If you use ChatGPT’s API, you pay based on a token system that reflects how “costly” it is to generate the text you need. This is important, considering that startups and developers using the API are held hostage if pricing shifts—which could trouble the overall competitiveness of industry pricing.

That issue melds with another, which is the replicability of ideas. “The ideas are ten a penny,” Priestley says.

What’s to stop another entrepreneur from taking a similar idea, improving it, and using it to launch something else—all while doing it cheaper? Alternatively, what’s to stop OpenAI from seeing demand for an API-dependent tool and simply replicating it as a feature for its own paying ChatGPT subscribers, effectively shuttering startups in that niche?

According to Dan Cunningham, CTO of AI-powered reputation management software Chatmeter, that market saturation is, in fact, possible to get past. “Startups have to ask themselves what value they are bringing, and where they can differentiate themselves,” Cunningham says. The emphasis here is on differentiation, or making ChatGPT API integration a slice of your offering, but not the whole pie. (Chatmeter has a new generative AI offering using the OpenAI Chat Completion API.)

[Generative AI chatbots] have become data hoovers very quickly and easily, and that’s worrying to me,” says Priestley.

When startups rely too heavily on generated text as a substitute for human interaction, especially in cases where the AI’s influence isn’t readily disclosed, they run the risk of discomforting users and creating ethical concerns. California-based mental health nonprofit Koko rolled out a GPT-powered mental health support feature that it quickly shuttered due to ethical concerns. Koko co-founder Rob Morris wrote on Twitter about the shutdown. “We used a ‘co-pilot’ approach, with humans supervising the AI as needed,” he wrote. “Once people learned the messages were co-created by a machine, it didn’t work.”

Peter Relan, venture capitalist and founder of YouWeb Incubator, has experience investing in the generative AI space (including for Got It AI and MathGPT). “Failure is a distinct possibility,” Relan says, referring generally to investment in the generative AI space. He clarifies that there is broad-based investing going on at the seed stage, with investors hoping to find the winners in generative AI, much like the rest of the technology industry. However, with generative AI, the wheels are turning faster due to rapid advancement in the technology.

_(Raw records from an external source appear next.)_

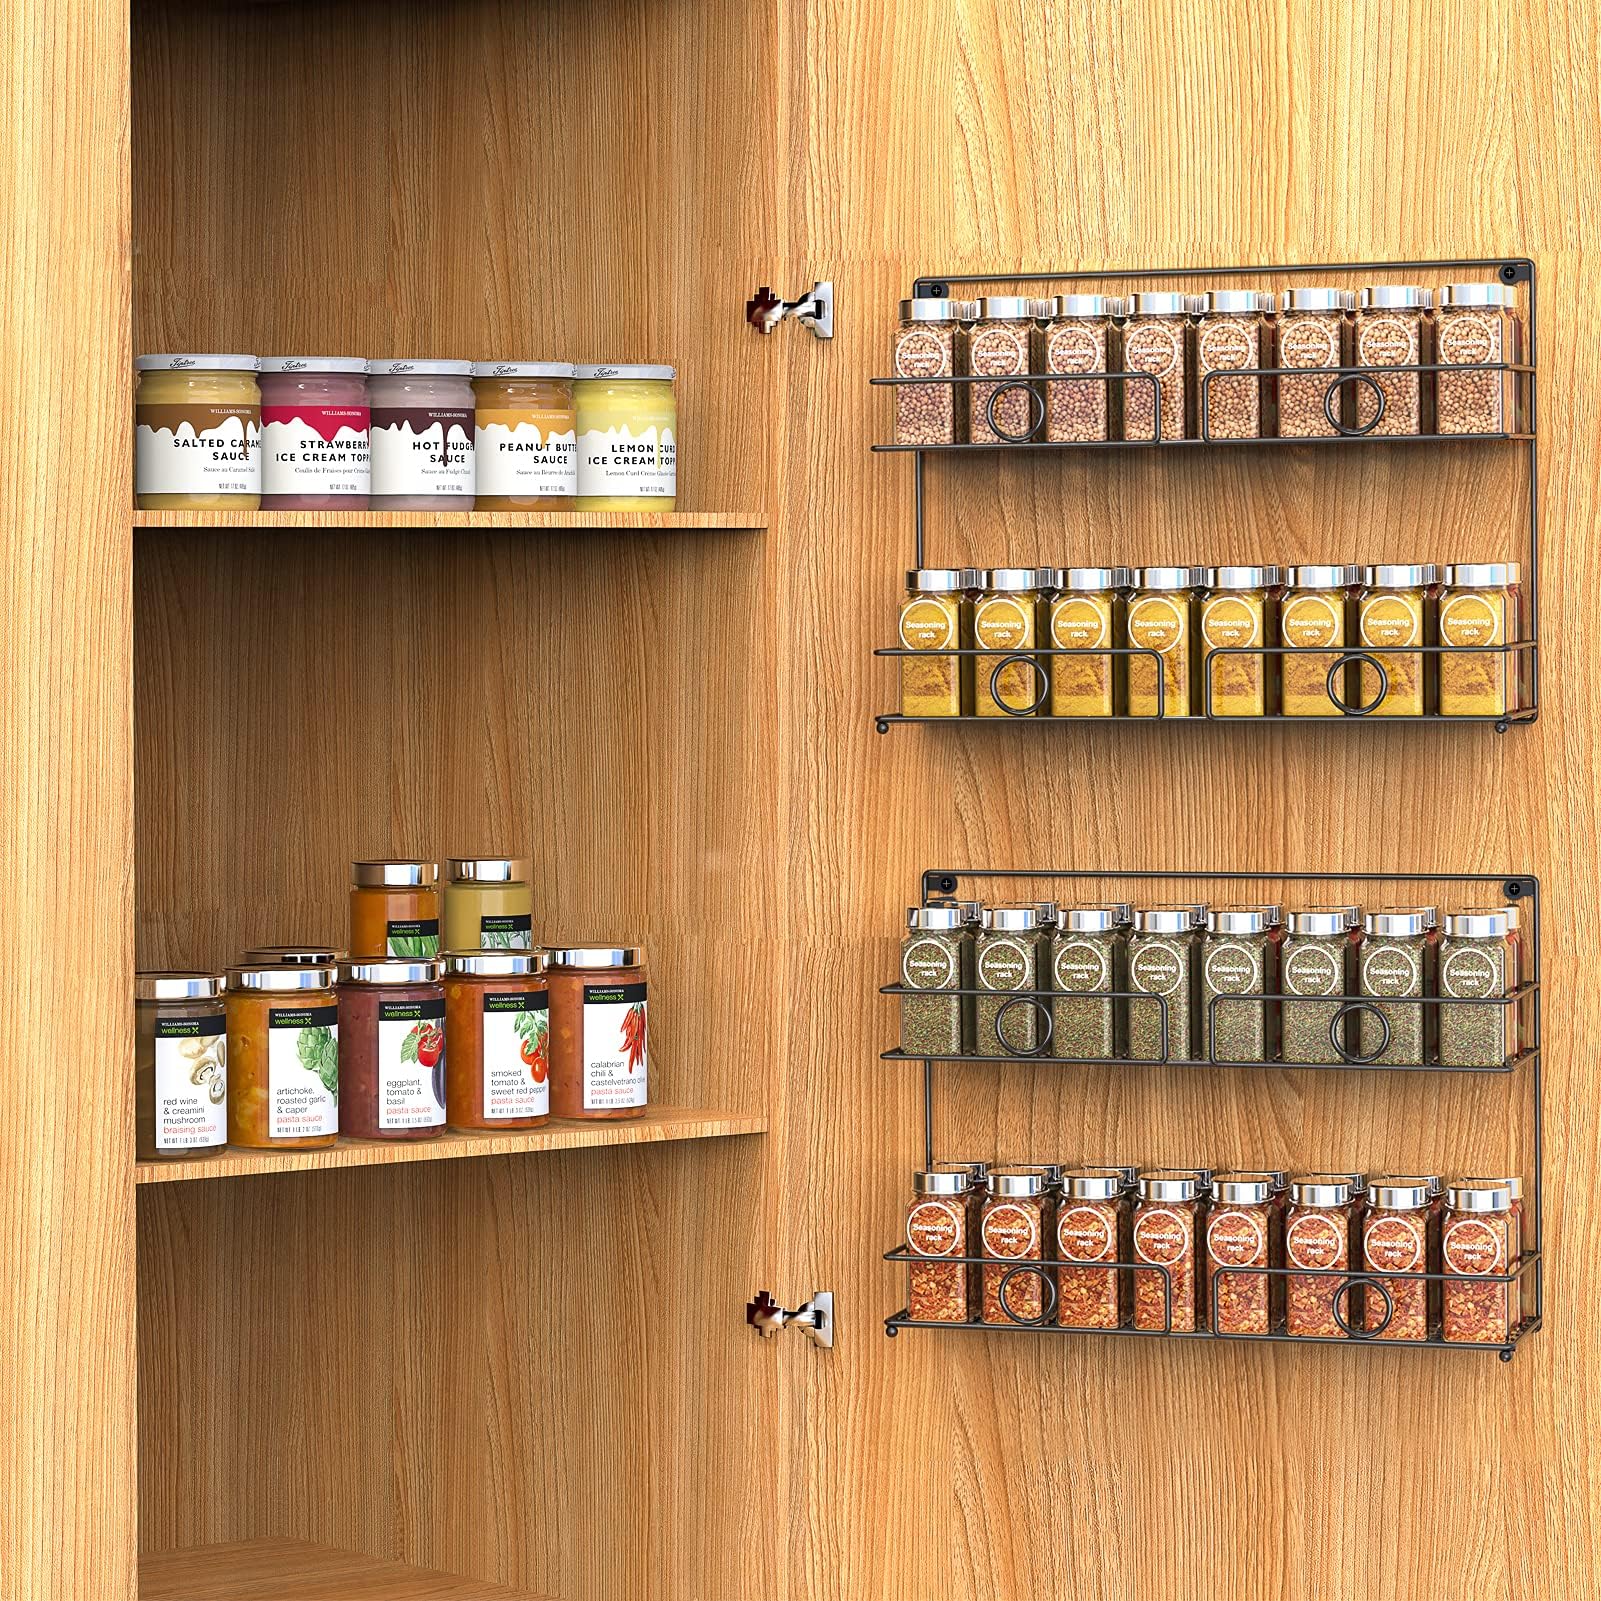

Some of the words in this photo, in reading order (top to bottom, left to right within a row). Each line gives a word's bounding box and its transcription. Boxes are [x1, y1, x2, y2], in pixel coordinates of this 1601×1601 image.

[1447, 339, 1487, 347] Seasoning
[1208, 345, 1246, 353] Seasoning
[174, 439, 224, 448] SALTED
[413, 442, 440, 450] HOT
[446, 442, 474, 451] FUDGE
[500, 444, 551, 452] PEANUT
[612, 444, 654, 453] LEMON
[213, 452, 250, 460] SAUCE
[276, 453, 296, 462] ICE
[303, 453, 346, 462] CREAM
[430, 454, 466, 463] SAUCE
[534, 456, 568, 464] SAUCE
[588, 457, 608, 465] ICE
[614, 457, 654, 465] CREAM
[906, 621, 946, 630] Seasoning
[982, 620, 1021, 629] Seasoning
[1058, 620, 1098, 628] Seasoning
[1134, 620, 1175, 628] Seasoning
[1208, 620, 1250, 628] Seasoning
[1290, 619, 1331, 628] Seasoning
[1368, 618, 1410, 626] Seasoning
[1448, 618, 1490, 626] Seasoning
[1381, 628, 1398, 636] rack
[1461, 628, 1479, 636] rack
[910, 961, 947, 969] Seasoning
[985, 962, 1022, 970] Seasoning
[1062, 963, 1099, 972] Seasoning
[1139, 964, 1176, 972] Seasoning
[1212, 966, 1250, 974] Seasoning
[1292, 966, 1331, 976] Seasoning
[1370, 968, 1410, 977] Seasoning
[1450, 969, 1490, 978] Seasoning
[489, 1001, 518, 1009] wellness
[591, 1061, 624, 1069] calabrian
[387, 1079, 422, 1088] eggplant,
[492, 1078, 518, 1086] tomato
[491, 1088, 514, 1096] sweet
[516, 1086, 528, 1095] red
[591, 1087, 612, 1096] pasta
[277, 1096, 307, 1105] roasted
[310, 1096, 326, 1106] garlic
[492, 1097, 512, 1105] pasta
[516, 1096, 534, 1104] sauce
[164, 1107, 170, 1115] &
[172, 1106, 206, 1115] creamini
[277, 1106, 284, 1114] &
[286, 1106, 308, 1115] caper
[387, 1107, 409, 1115] pasta
[164, 1116, 206, 1125] mushroom
[277, 1116, 300, 1125] pasta
[302, 1114, 322, 1122] sauce
[164, 1125, 196, 1135] braising
[198, 1124, 216, 1132] sauce
[912, 1224, 952, 1233] Seasoning
[988, 1226, 1028, 1235] Seasoning
[1064, 1228, 1104, 1238] Seasoning
[1141, 1232, 1180, 1240] Seasoning
[1214, 1234, 1254, 1242] Seasoning
[1294, 1236, 1334, 1246] Seasoning
[1372, 1239, 1412, 1248] Seasoning
[1226, 1244, 1244, 1252] rack
[1306, 1246, 1324, 1254] rack
[1450, 1242, 1491, 1252] Seasoning
[1384, 1250, 1402, 1258] rack
[1464, 1252, 1480, 1260] rack

With all of these risks for founders, users, and investors, what are the alternatives to these kinds of API-based startups?

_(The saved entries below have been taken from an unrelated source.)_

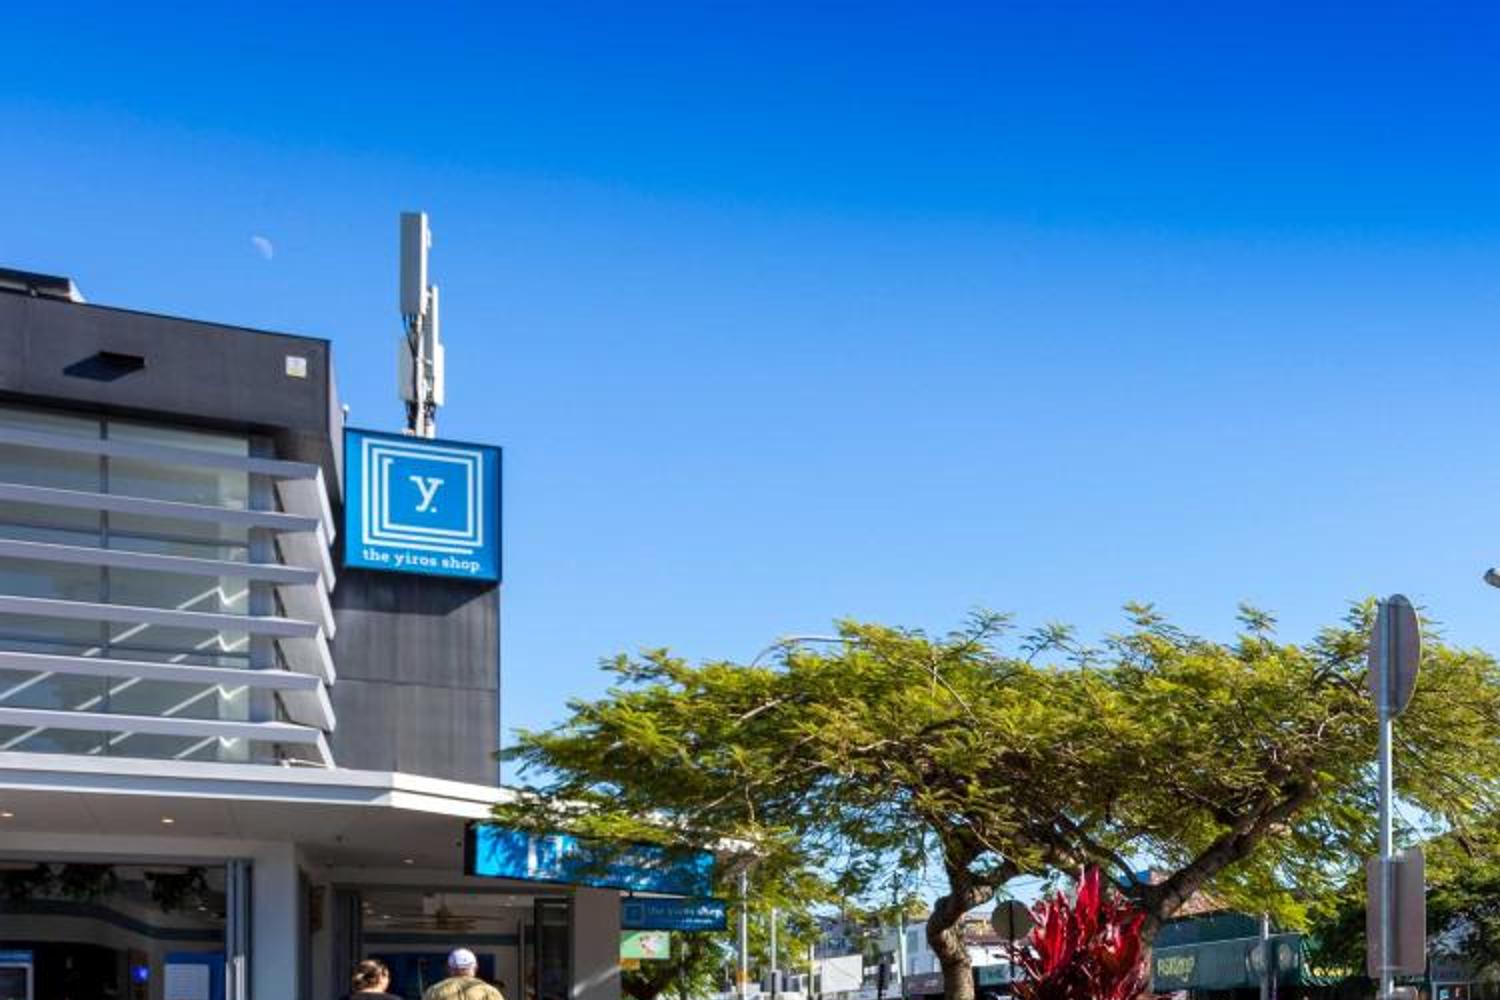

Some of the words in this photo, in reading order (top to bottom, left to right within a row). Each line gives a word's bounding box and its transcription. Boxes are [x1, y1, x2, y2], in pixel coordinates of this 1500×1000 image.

[362, 548, 390, 562] the
[394, 551, 438, 567] yiros
[441, 556, 480, 575] shop
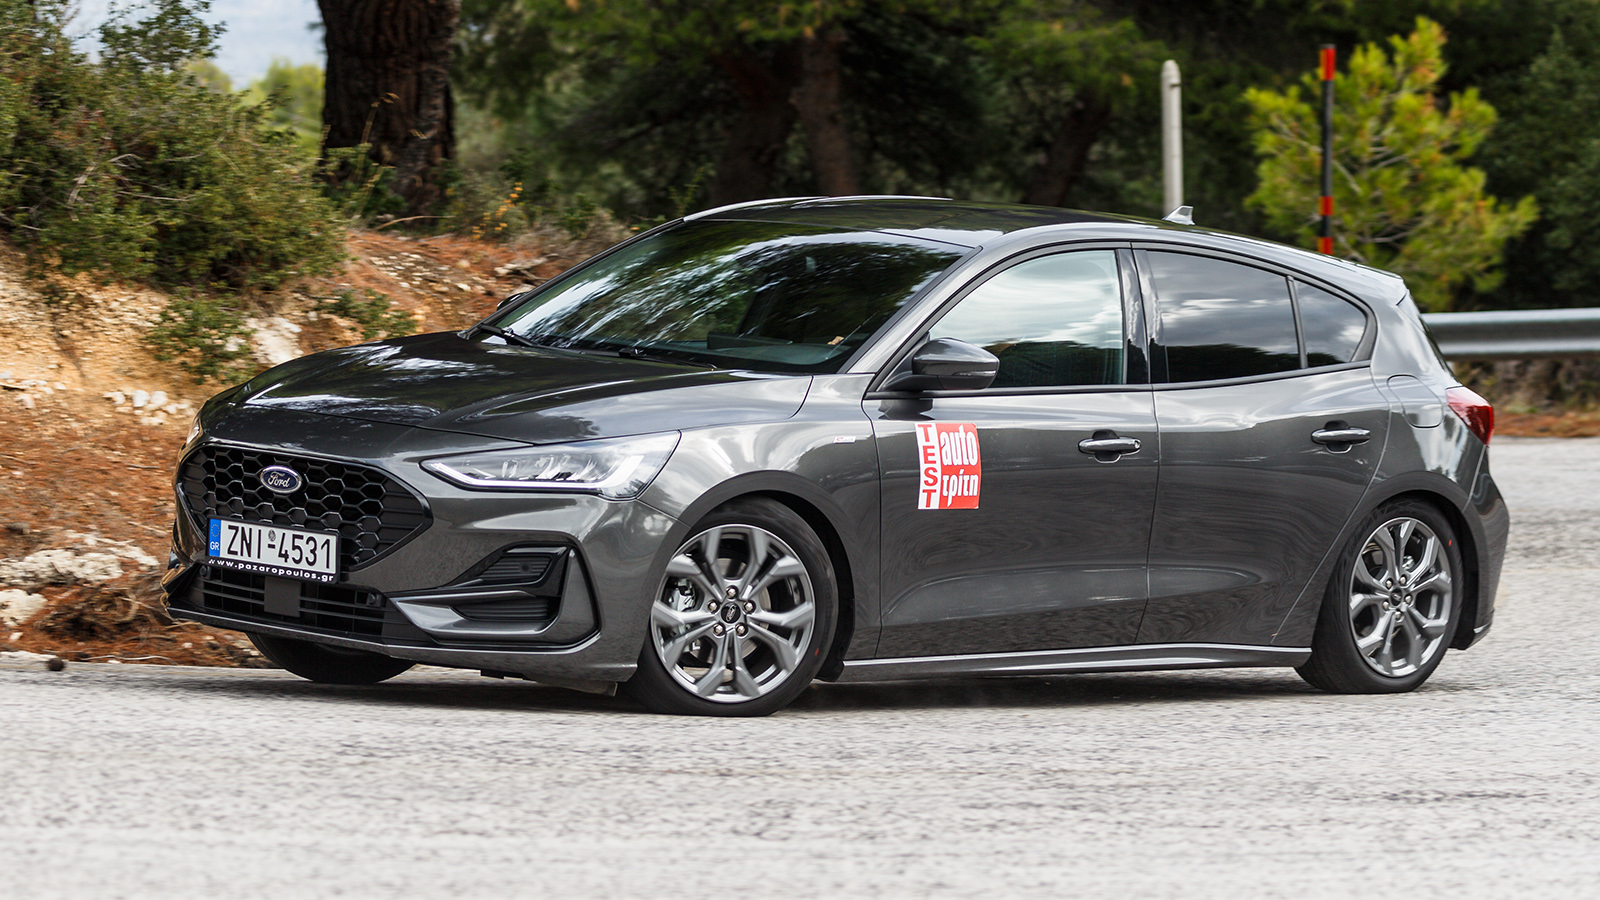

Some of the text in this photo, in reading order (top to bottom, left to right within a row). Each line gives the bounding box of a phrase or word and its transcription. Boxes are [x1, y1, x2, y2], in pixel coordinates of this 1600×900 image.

[917, 424, 939, 508] TEST
[940, 424, 978, 466] auto
[267, 471, 291, 488] Ford
[209, 541, 220, 551] GR
[227, 524, 331, 570] ZNI-4531

Aside from proprietary models using great training data sets, Relan says you can lean on open-source models or even fine-tuned LLMs for task-specific applications.

Relan says he sees that with his conversational AI startup Got It AI, which built its own model, ELMAR (Enterprise Language Model Architecture.) “It is a suite of on-premise guard-railed language models that can be fine-tuned to enterprise-specific tasks,” he says. He claims that this approach protects all parties involved while retaining the utility of generative AI. 

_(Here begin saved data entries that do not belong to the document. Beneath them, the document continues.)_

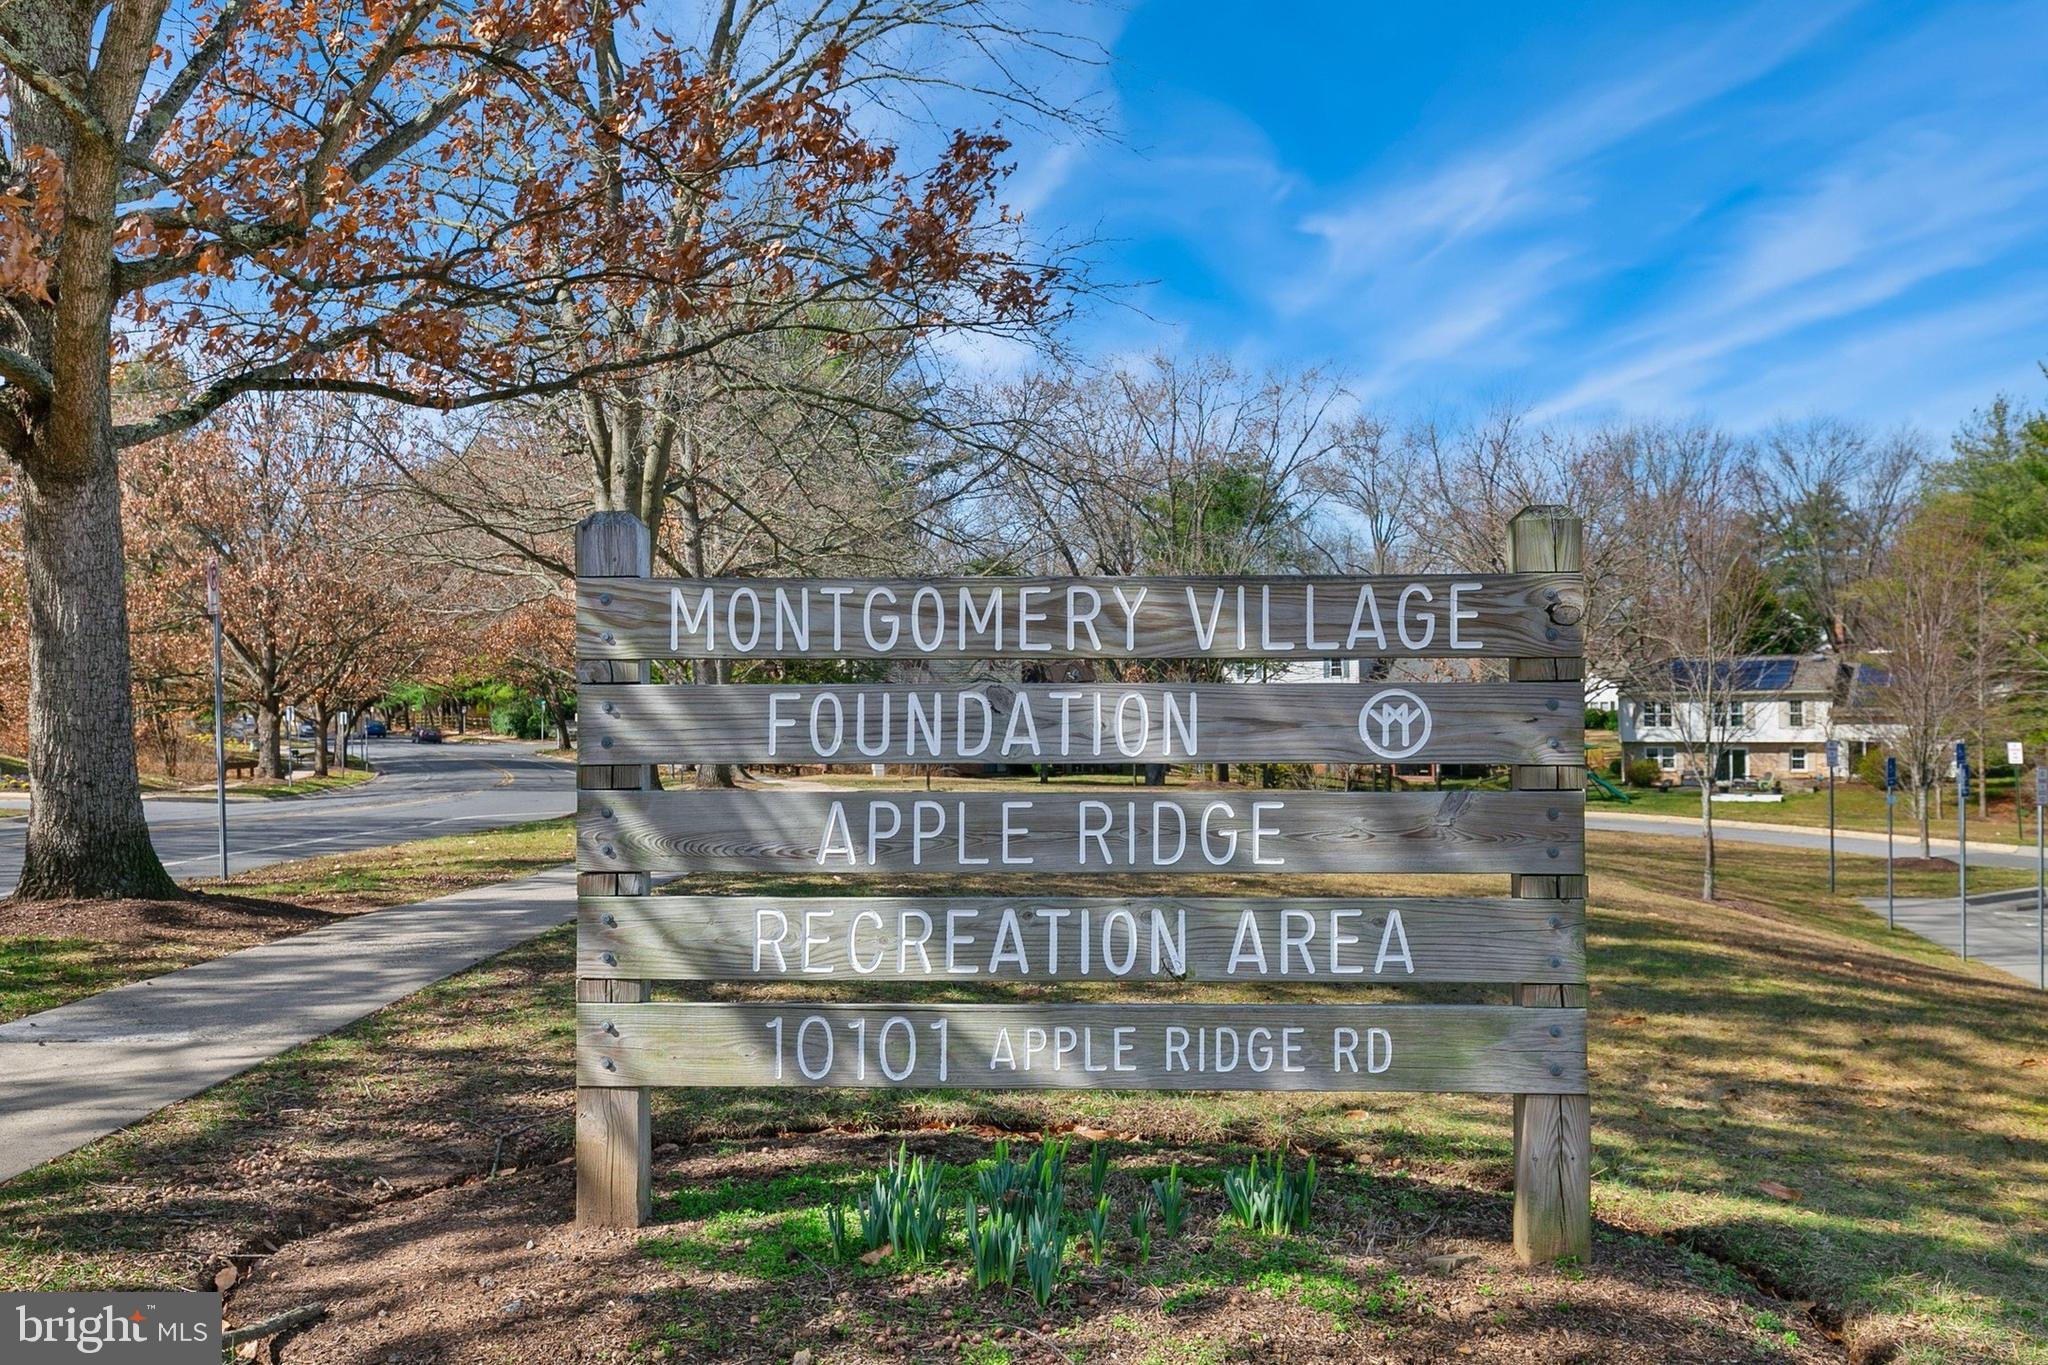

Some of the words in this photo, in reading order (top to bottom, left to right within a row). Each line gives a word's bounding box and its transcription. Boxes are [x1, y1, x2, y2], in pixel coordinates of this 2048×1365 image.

[669, 586, 1148, 652] MONTGOMERY
[1185, 582, 1484, 651] VILLAGE
[768, 691, 1198, 758] FOUNDATION
[816, 801, 1034, 866] APPLE
[1079, 801, 1286, 866] RIDGE
[752, 908, 1187, 976] RECREATION
[1227, 908, 1415, 975] AREA
[765, 1015, 948, 1082] 10101
[989, 1026, 1137, 1073] APPLE
[1165, 1026, 1306, 1073] RIDGE
[1333, 1027, 1394, 1074] RD

While we have yet to see the full breadth of alternatives, startups entirely dependent on ChatGPT APIs might have a short-lived outlook. However, that doesn’t mean generative AI innovation is a moot point. In fact, development in the space is essential, but it’s crucial to do so in a way that caters to longevity and value to all stakeholders.

Cunningham, of Chatmeter, believes startups that fine-tune models for their own purposes can succeed. “Smart startups will be looking to these technologies for future development, choosing the right model for their particular use case, and in many cases training these models on their own data and needs.”